“Let’s just hang for a while.” It was Dean speaking. It was Dean’s arm pulling me into him. Dean was the only one there. Where had everyone gone?
“Wait.” I dipped my head low, my forehead against Dean’s chest, anything to avoid his mouth, the angle at which it was coming at me.
Dean wiggled his finger into the crevice between my chin and my neck, applying an upward pressure.
“I’m really cold,” I protested even as I gave in to it. I swallowed when I felt Dean’s wet lips on mine. Just for a little bit, I thought. You only have to do this for a little bit. Don’t be rude.
I toyed with Dean’s fat tongue, realizing my palms were on his chest, still pushing him away. I wrapped them around the back of his hairy neck obediently.
Dean’s fingers were stumbling over the button of my khakis. It was too soon to stop, Dean wouldn’t believe me if I put an end to it now. As calmly as I could, I broke the kiss.
“Let’s go inside.” I tried to make it sound breathy, seductive, but we both knew there was nowhere to make good on my promise inside the house. Too late, I realized my play was dangerously transparent, that I’d fatally miscalculated Dean. He seized the button on my pants with such gusto my pelvis thrust forward and my feet flew off the ground. I stumbled backward, landing on my wrist at a ruthless angle, and I let out an injured-puppy yelp that reverberated through the yard.

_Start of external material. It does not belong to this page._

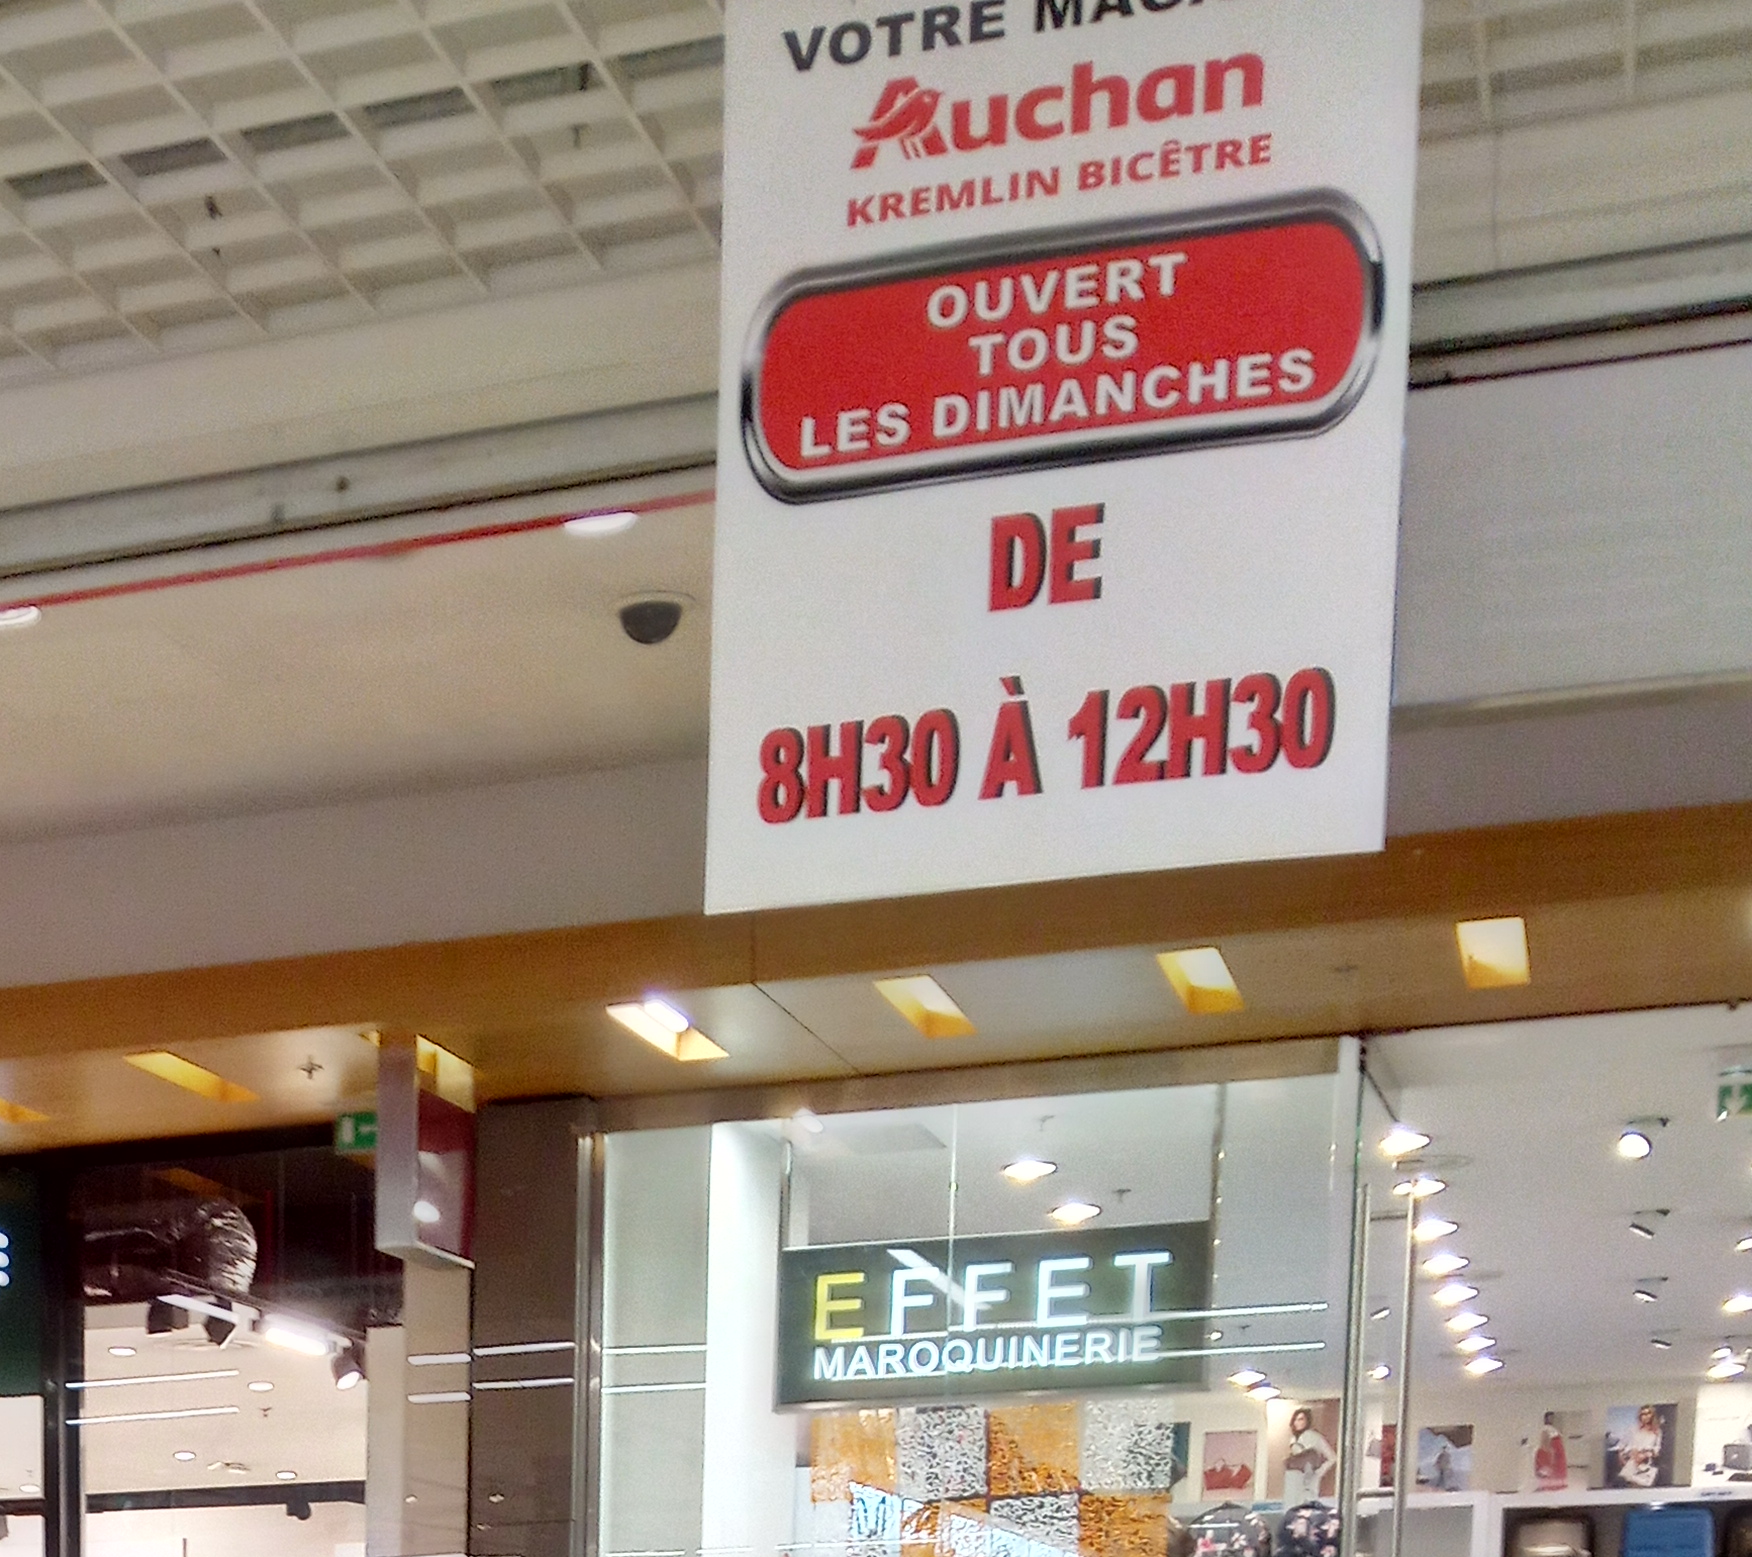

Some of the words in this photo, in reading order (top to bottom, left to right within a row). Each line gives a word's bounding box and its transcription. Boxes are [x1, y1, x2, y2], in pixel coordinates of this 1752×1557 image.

“Shut up!” Dean hissed. He dropped to his knees and slapped me.
Even before I’d come to Bradley, even before all the evidence proved I was the one not like the others, I was still not a girl you slap. The hot hand on my cheek undid me. I was screaming, the sound guttural and ancient, something I’d never heard before. There is so rarely an occasion in this modern life when your body takes over, when you find out what it will do, the smells and sounds it will release when it’s trying to survive. That night, on the ground with Dean, clawing and screeching, a starchy sweat collecting in my armpits, I found out, and not for the last time.
Dean had the button undone and my pants low on my hips when the lights in the front of the house popped on, when we heard Olivia’s father hollering. Olivia burst out the back door and screamed at me to go and never come back. I heard Dean gasping behind me as I ran to the gate and my hands shook over the latch.
“Move!” He shoved me out of the way and released the hook, the gate swinging open. Dean charged through but paused, inexplicably holding the gate open behind him so I could escape as well. The dark driveway was shortening ahead of me when I heard the patter of more footsteps behind me, the other boys, heading for Dave’s Navigator parked on the street.
At the road, I turned right. I didn’t know where I was going, just that right was away from Dave’s car, away from the direction its nose pointed. I kept going until the light from Olivia’s house faded completely, and it was dark and I could collapse on the side of the road, my lungs sharp with the cold night air, my heart cartwheeling madly, as though I’d never run a mile straight in my life, as though it wasn’t the school sport I chose of my own accord.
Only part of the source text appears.